*** Opening of Available data ***

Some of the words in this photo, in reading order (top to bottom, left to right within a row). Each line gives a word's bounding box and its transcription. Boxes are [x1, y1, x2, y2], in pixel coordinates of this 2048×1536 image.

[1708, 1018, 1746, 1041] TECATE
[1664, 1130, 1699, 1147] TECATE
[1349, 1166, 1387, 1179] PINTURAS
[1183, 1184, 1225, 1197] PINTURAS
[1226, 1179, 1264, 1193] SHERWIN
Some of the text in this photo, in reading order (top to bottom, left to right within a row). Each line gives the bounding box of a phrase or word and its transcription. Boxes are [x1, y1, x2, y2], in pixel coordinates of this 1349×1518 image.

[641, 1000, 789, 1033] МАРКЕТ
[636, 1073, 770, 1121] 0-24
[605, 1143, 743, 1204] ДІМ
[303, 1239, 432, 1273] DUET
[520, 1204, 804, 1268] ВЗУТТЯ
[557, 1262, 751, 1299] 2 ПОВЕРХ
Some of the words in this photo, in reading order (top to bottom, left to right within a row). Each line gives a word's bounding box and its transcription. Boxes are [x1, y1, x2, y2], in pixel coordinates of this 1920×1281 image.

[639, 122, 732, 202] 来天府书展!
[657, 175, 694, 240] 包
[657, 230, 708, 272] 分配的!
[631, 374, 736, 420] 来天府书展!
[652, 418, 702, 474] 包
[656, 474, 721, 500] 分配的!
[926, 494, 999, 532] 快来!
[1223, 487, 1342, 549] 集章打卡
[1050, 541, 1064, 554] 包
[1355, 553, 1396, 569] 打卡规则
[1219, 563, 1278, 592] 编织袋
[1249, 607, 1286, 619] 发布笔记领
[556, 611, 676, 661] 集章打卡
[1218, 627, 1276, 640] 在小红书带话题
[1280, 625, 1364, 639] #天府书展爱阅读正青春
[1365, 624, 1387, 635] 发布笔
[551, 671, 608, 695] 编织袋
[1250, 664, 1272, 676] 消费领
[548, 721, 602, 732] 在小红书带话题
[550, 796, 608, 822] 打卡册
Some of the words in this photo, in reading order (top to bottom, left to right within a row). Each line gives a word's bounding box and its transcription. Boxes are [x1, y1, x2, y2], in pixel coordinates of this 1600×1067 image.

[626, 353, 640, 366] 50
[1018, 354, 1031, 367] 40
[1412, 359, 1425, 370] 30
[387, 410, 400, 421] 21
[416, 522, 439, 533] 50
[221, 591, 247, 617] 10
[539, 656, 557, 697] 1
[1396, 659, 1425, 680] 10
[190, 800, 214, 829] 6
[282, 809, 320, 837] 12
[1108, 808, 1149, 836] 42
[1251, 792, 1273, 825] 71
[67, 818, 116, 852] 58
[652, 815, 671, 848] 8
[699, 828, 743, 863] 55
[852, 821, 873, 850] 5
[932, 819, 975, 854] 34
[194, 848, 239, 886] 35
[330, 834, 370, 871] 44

*** Close of Available data ***

▶ _Try it_
Pull out each record as written and restate it exactly.

▶ _Solution to this task_
Some of the words in this photo, in reading order (top to bottom, left to right within a row). Each line gives a word's bounding box and its transcription. Boxes are [x1, y1, x2, y2], in pixel coordinates of this 2048×1536 image.

[1708, 1018, 1746, 1041] TECATE
[1664, 1130, 1699, 1147] TECATE
[1349, 1166, 1387, 1179] PINTURAS
[1183, 1184, 1225, 1197] PINTURAS
[1226, 1179, 1264, 1193] SHERWIN
Some of the text in this photo, in reading order (top to bottom, left to right within a row). Each line gives the bounding box of a phrase or word and its transcription. Boxes are [x1, y1, x2, y2], in pixel coordinates of this 1349×1518 image.

[641, 1000, 789, 1033] МАРКЕТ
[636, 1073, 770, 1121] 0-24
[605, 1143, 743, 1204] ДІМ
[303, 1239, 432, 1273] DUET
[520, 1204, 804, 1268] ВЗУТТЯ
[557, 1262, 751, 1299] 2 ПОВЕРХ
Some of the words in this photo, in reading order (top to bottom, left to right within a row). Each line gives a word's bounding box and its transcription. Boxes are [x1, y1, x2, y2], in pixel coordinates of this 1920×1281 image.

[639, 122, 732, 202] 来天府书展!
[657, 175, 694, 240] 包
[657, 230, 708, 272] 分配的!
[631, 374, 736, 420] 来天府书展!
[652, 418, 702, 474] 包
[656, 474, 721, 500] 分配的!
[926, 494, 999, 532] 快来!
[1223, 487, 1342, 549] 集章打卡
[1050, 541, 1064, 554] 包
[1355, 553, 1396, 569] 打卡规则
[1219, 563, 1278, 592] 编织袋
[1249, 607, 1286, 619] 发布笔记领
[556, 611, 676, 661] 集章打卡
[1218, 627, 1276, 640] 在小红书带话题
[1280, 625, 1364, 639] #天府书展爱阅读正青春
[1365, 624, 1387, 635] 发布笔
[551, 671, 608, 695] 编织袋
[1250, 664, 1272, 676] 消费领
[548, 721, 602, 732] 在小红书带话题
[550, 796, 608, 822] 打卡册
Some of the words in this photo, in reading order (top to bottom, left to right within a row). Each line gives a word's bounding box and its transcription. Boxes are [x1, y1, x2, y2], in pixel coordinates of this 1600×1067 image.

[626, 353, 640, 366] 50
[1018, 354, 1031, 367] 40
[1412, 359, 1425, 370] 30
[387, 410, 400, 421] 21
[416, 522, 439, 533] 50
[221, 591, 247, 617] 10
[539, 656, 557, 697] 1
[1396, 659, 1425, 680] 10
[190, 800, 214, 829] 6
[282, 809, 320, 837] 12
[1108, 808, 1149, 836] 42
[1251, 792, 1273, 825] 71
[67, 818, 116, 852] 58
[652, 815, 671, 848] 8
[699, 828, 743, 863] 55
[852, 821, 873, 850] 5
[932, 819, 975, 854] 34
[194, 848, 239, 886] 35
[330, 834, 370, 871] 44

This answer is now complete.